If there was just one thing you could impart on men as they begin trying to become parents, what would it be?

I would highly recommend communicating with friends and family. A problem shared is a problem halved. Failing that there are some really good private Facebook groups for men suffering from infertility. I found this great support through the good and especially the bad times.

Deborah Brock

Founder & CEO of Nua Fertility


Deborah has a personal passion for fertility health, supporting people and communities. With over 15 years experience of working in the Non profit and Education sector, I have had the honour of working together with people and communities focusing on their strengths, capacities and assets. With extensive senior management, project management and creative programme development experience.

How did your experience with fertility inspire you to help start Nua Fertility?

My own personal fertility journey opened my eyes to the world of fertility health. Trying for a baby is one of the most exciting yet vulnerable times in your life. It took myself and my husband over three years and the helping hand of science to become a mum.  I have always worked with people and communities and felt my vision for Nua Fertility could genuinely support others who have fertility challenges.

Share a little about yourself—the things we wouldn’t learn from simply reading your professional bio.

I'm am curious person and love all things research.

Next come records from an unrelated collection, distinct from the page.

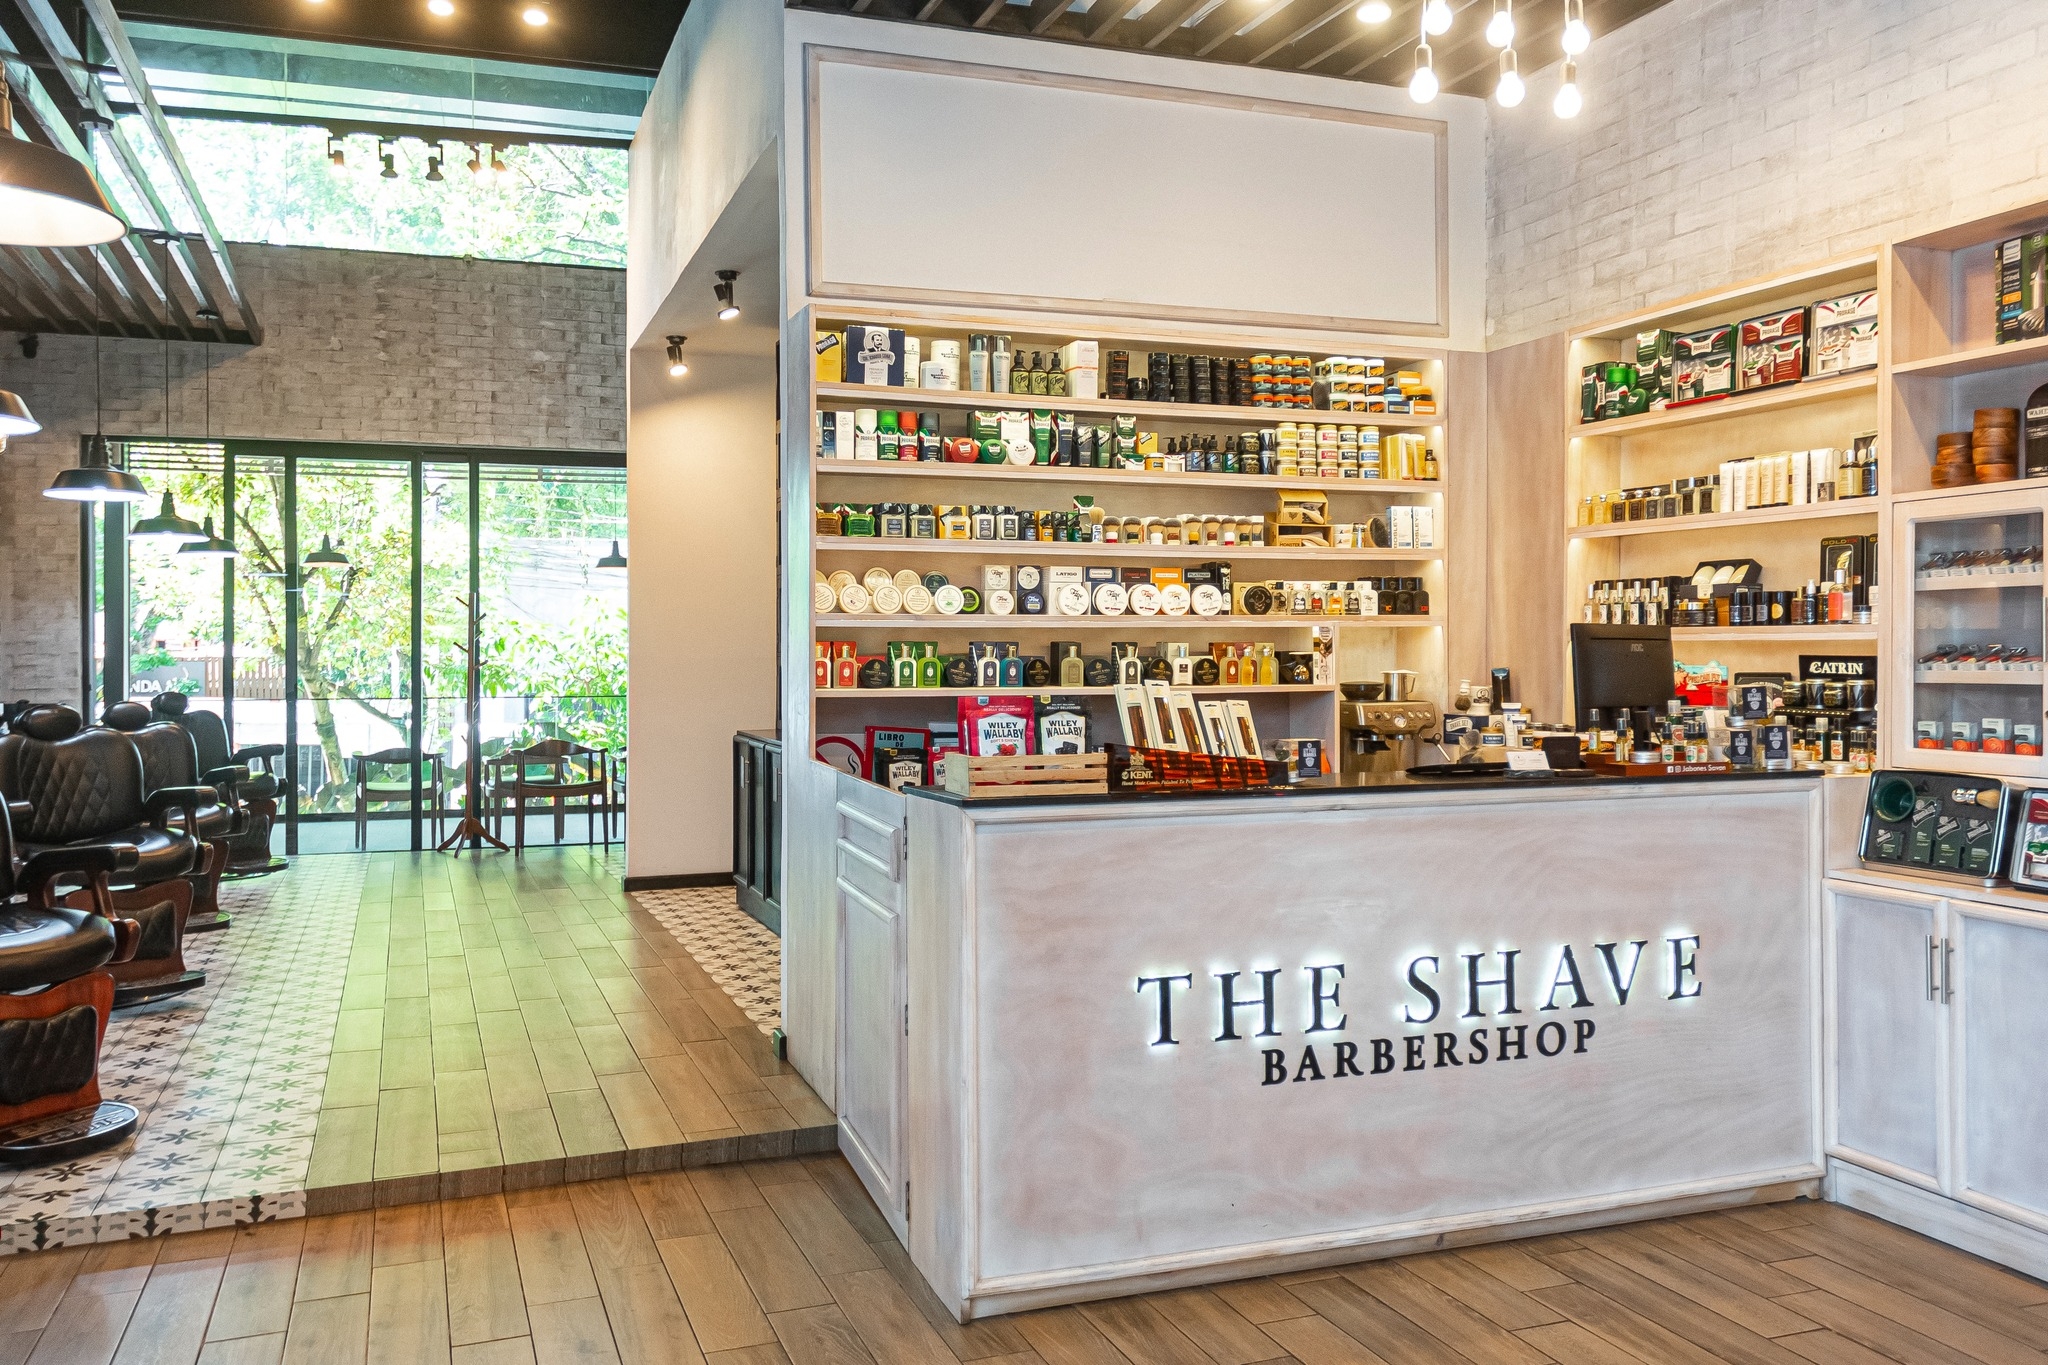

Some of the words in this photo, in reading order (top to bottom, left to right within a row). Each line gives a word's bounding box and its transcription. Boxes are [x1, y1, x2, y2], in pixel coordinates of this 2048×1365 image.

[1809, 661, 1863, 675] CATRIN
[879, 733, 904, 741] LIBRO
[984, 729, 1024, 740] WALLABY
[1046, 727, 1082, 738] WALLABY
[892, 770, 920, 779] WALLABY
[1135, 961, 1348, 1047] THE
[1402, 934, 1701, 1025] SHAVE
[1261, 1018, 1597, 1086] BARBERSHOP
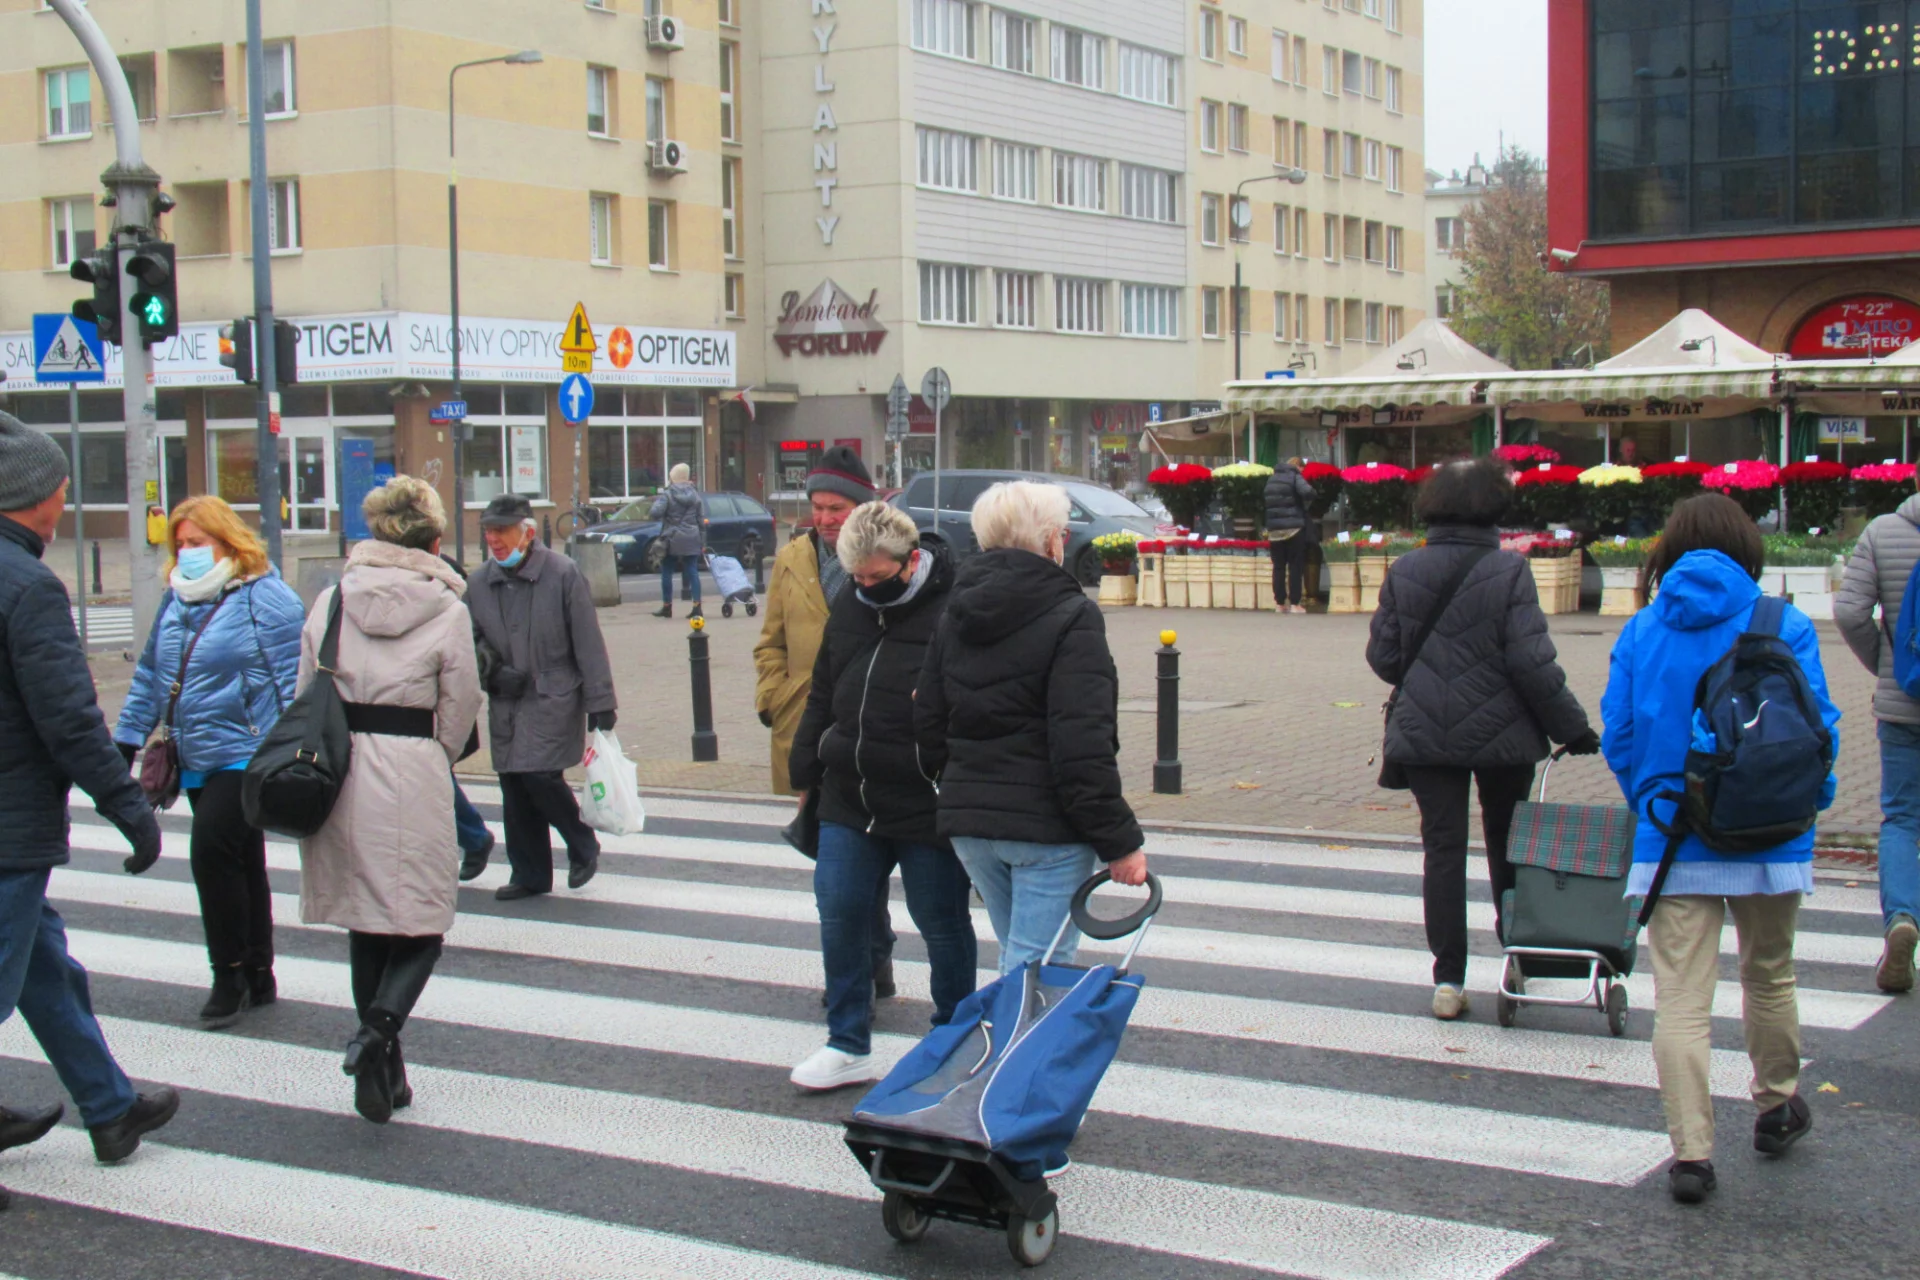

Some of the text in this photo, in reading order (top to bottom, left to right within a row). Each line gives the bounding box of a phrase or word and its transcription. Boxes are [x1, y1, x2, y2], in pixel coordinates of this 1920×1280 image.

My ideal evening would be reading and exploring scientific journals! I like to think I am a little bit creative and I LOVE paint by numbers! Its probably the only time I slow down, I become immersed in the painting and think of nothing else.

What do you want to tell someone trying to conceive or already pregnant?

Educate yourself! Knowledge is power. The more you inform yourself about your fertility health the more you are empowering yourself with knowledge. Own your journey and take control over your own fertility health.

What’s something you wish someone told you while trying to conceive?

Open up and talk with friends and family. I was surrounded by amazing friends and family but I never opened up. When your struggling to conceive, a non-judgemental ear to listen or a shoulder to cry on is so powerful.